* _What you are asked to do_
Leaving the pictures out, transcribe the records below exactly.

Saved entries
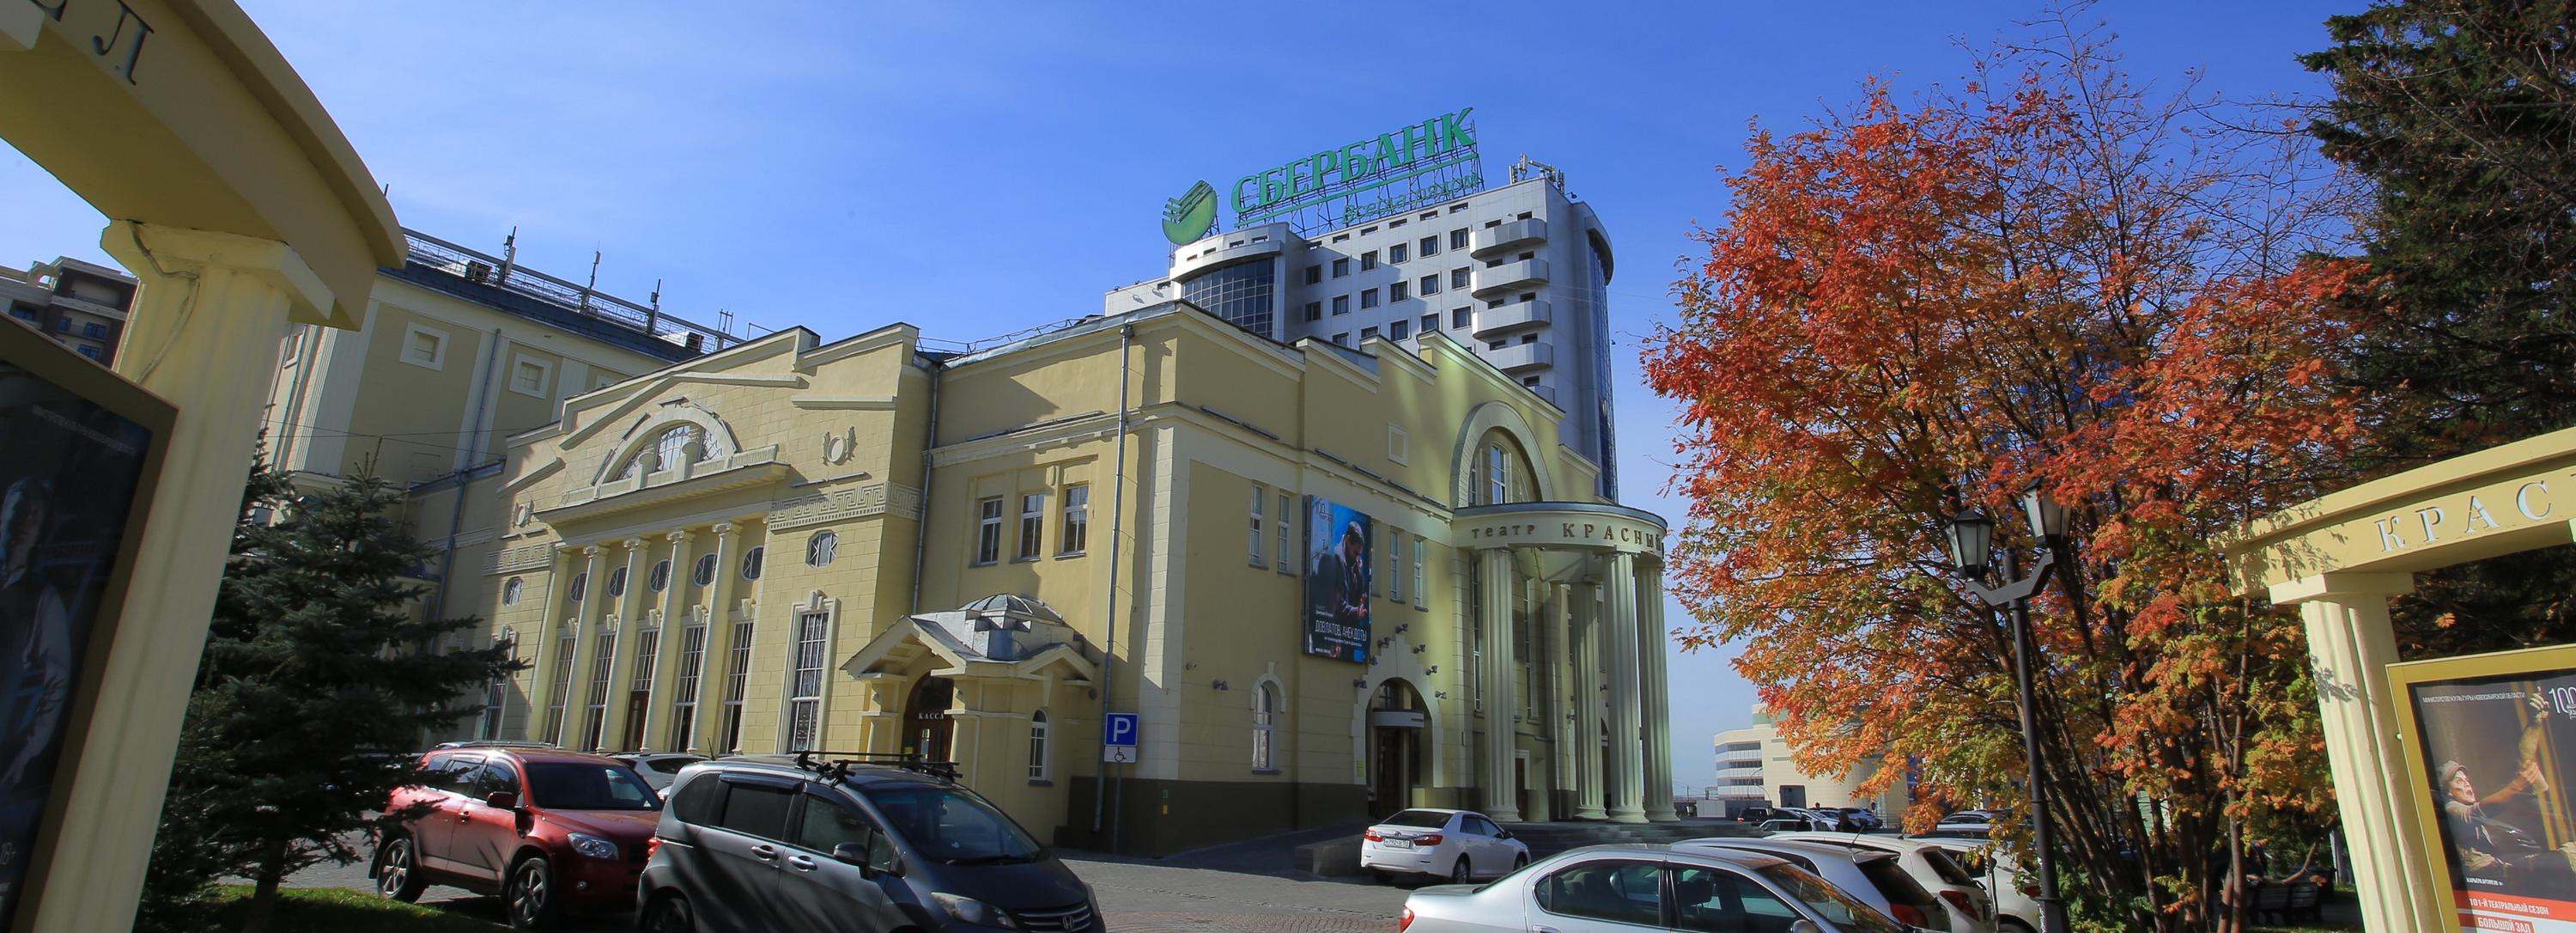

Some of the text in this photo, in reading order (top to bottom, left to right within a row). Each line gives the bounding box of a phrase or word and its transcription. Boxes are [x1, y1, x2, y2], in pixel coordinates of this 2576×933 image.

[1230, 107, 1474, 214] СБЕРБАНК
[2374, 473, 2576, 552] КРАС
[1562, 522, 1662, 552] КРАСНЫЙ
[1113, 717, 1131, 742] P
[2488, 900, 2529, 913] ТЕАТРАЛЬНЫЙ
[2529, 906, 2549, 916] СЕЗОН
[2477, 917, 2531, 933] БОЛЬШОЙ ЗАЛ

* _Completed task_
Some of the text in this photo, in reading order (top to bottom, left to right within a row). Each line gives the bounding box of a phrase or word and its transcription. Boxes are [x1, y1, x2, y2], in pixel coordinates of this 2576×933 image.

[1230, 107, 1474, 214] СБЕРБАНК
[2374, 473, 2576, 552] КРАС
[1562, 522, 1662, 552] КРАСНЫЙ
[1113, 717, 1131, 742] P
[2488, 900, 2529, 913] ТЕАТРАЛЬНЫЙ
[2529, 906, 2549, 916] СЕЗОН
[2477, 917, 2531, 933] БОЛЬШОЙ ЗАЛ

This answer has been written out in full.